LONDON, June 17 (Reuters) - Iraq's oil growth targets look increasingly at risk, the International Energy Agency said, as threats to supplies from political instability and violence grow just as demand is picking up due to a stronger global economy.

Iraq is the second-largest producer in OPEC and its northern exports have been offline since March. OPEC output has also been hit by unrest in Libya, sanctions on Iran and oil theft in Nigeria.

"Within OPEC, Iraq remains the main source of most of the expected capacity growth, but this expansion looks increasingly at risk," Maria van der Hoeven, the IEA's executive director, wrote in the report's Foreword.

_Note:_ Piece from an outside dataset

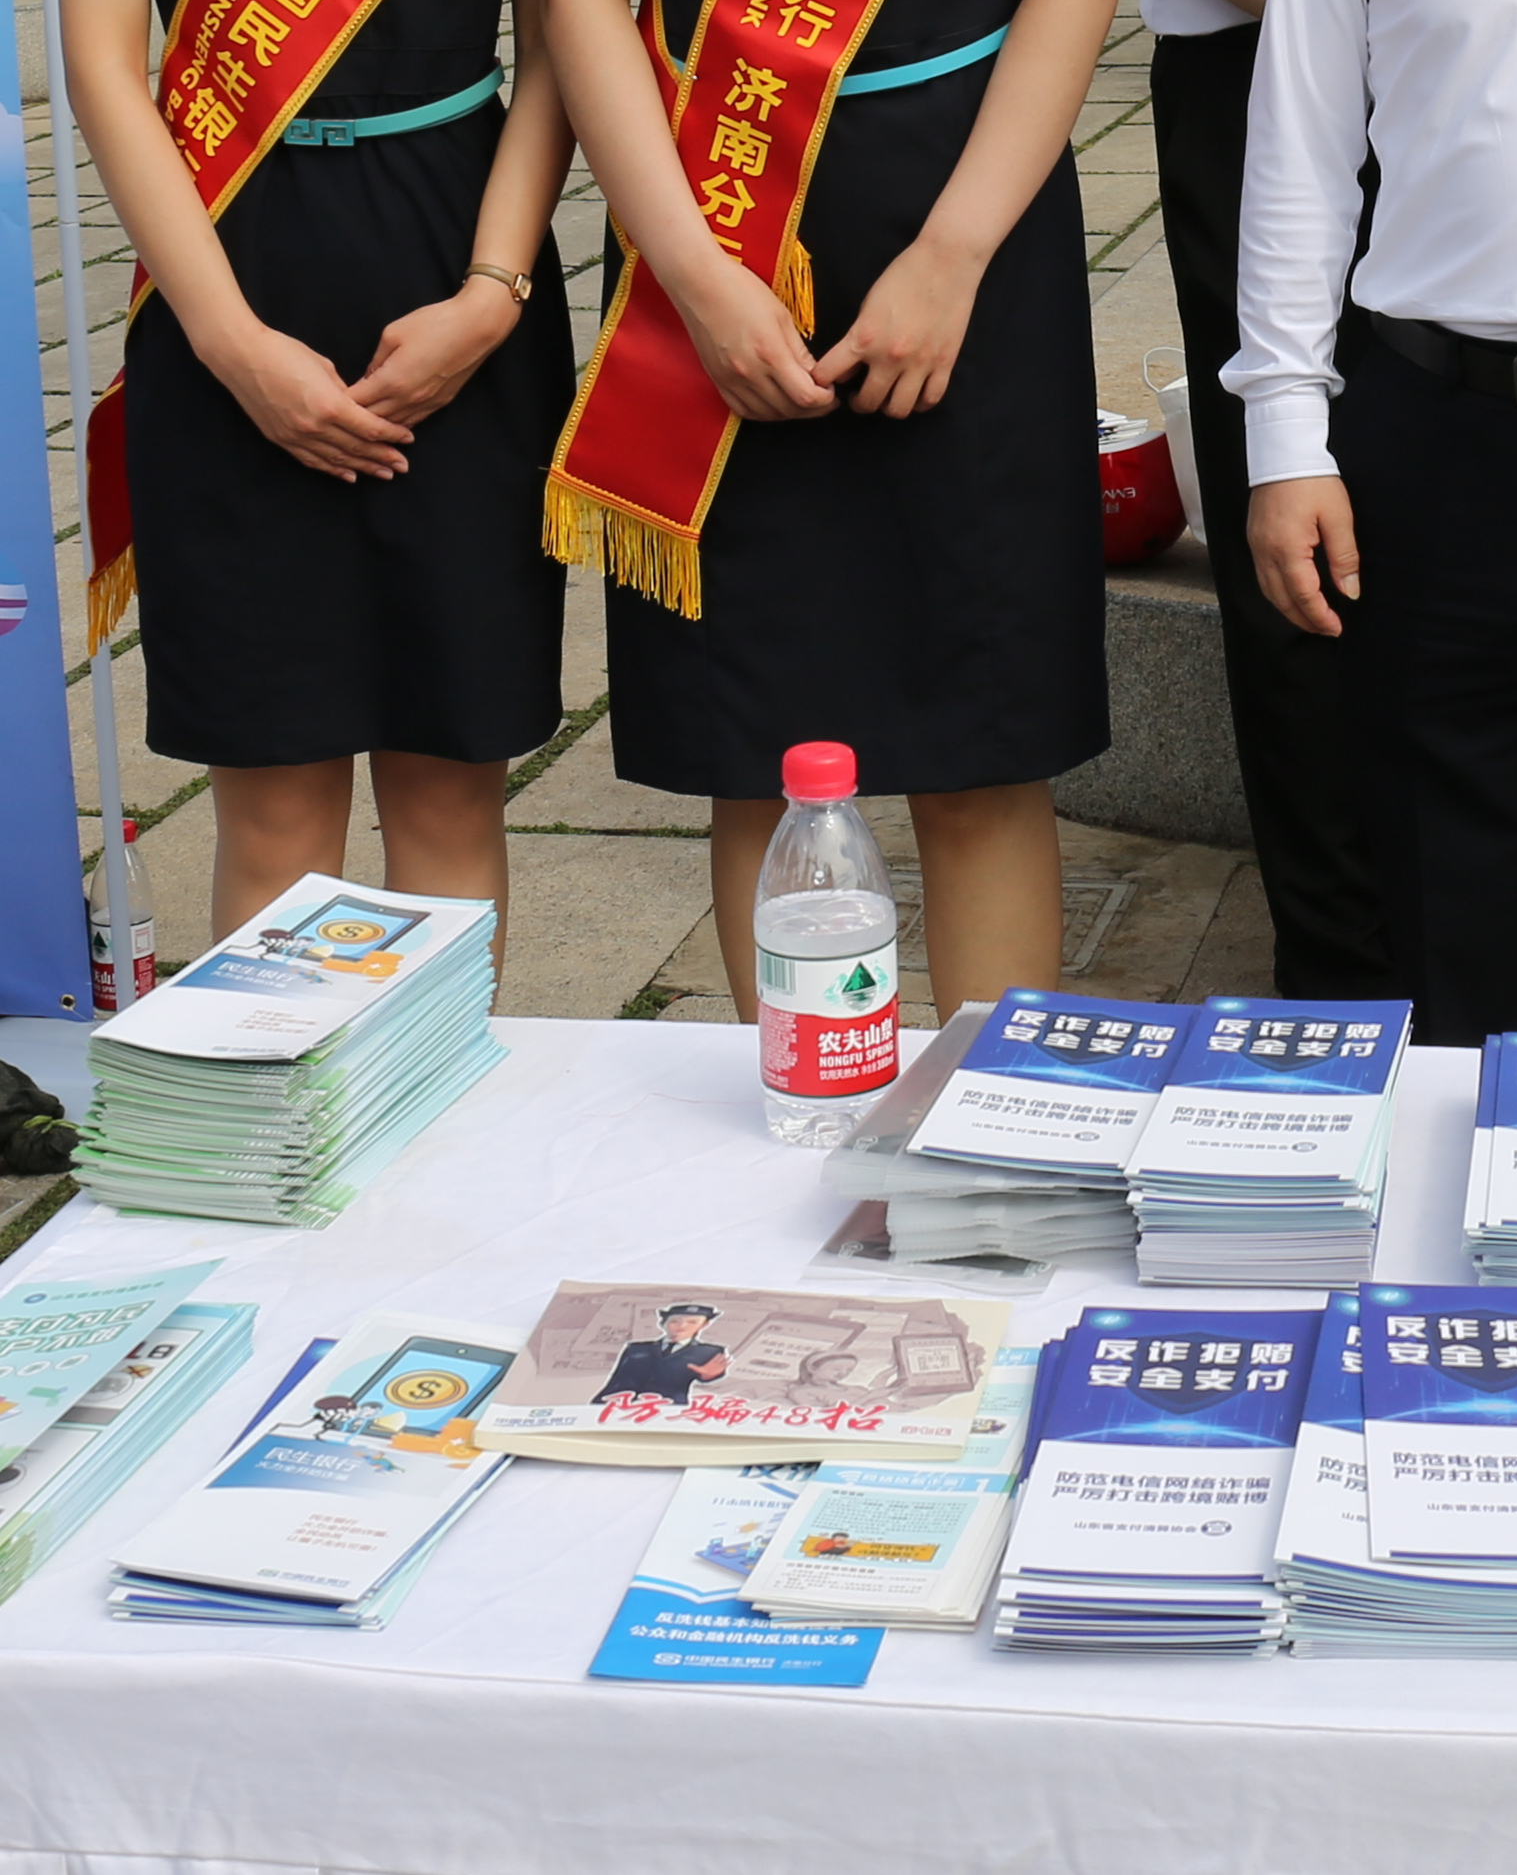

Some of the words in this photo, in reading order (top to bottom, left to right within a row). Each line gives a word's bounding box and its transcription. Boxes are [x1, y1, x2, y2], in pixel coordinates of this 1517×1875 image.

Still, the adviser to the United States and other industrialised countries also said in its Medium Term Oil Market Report on Tuesday that global growth in oil demand may start to slow down by the end of this decade due partly to high prices, and shale oil would start to spread outside the United States.

Oil prices jumped to almost $115 a barrel last week, the highest since September, as advances by Sunni insurgents in Iraq raised concern that more of the country's supply could be disrupted.

At present, the agency expects OPEC to increase its production capacity by 2.08 million barrels per day (bpd) - to 37.06 million bpd by 2019. More than 60 percent of the growth is expected to come from Iraq.

The report contrasts with the IEA's previous medium-term update in May 2013, which forecast U.S. shale oil would help meet most of the world's new oil demand, leaving little room for OPEC to lift output without risking lower prices.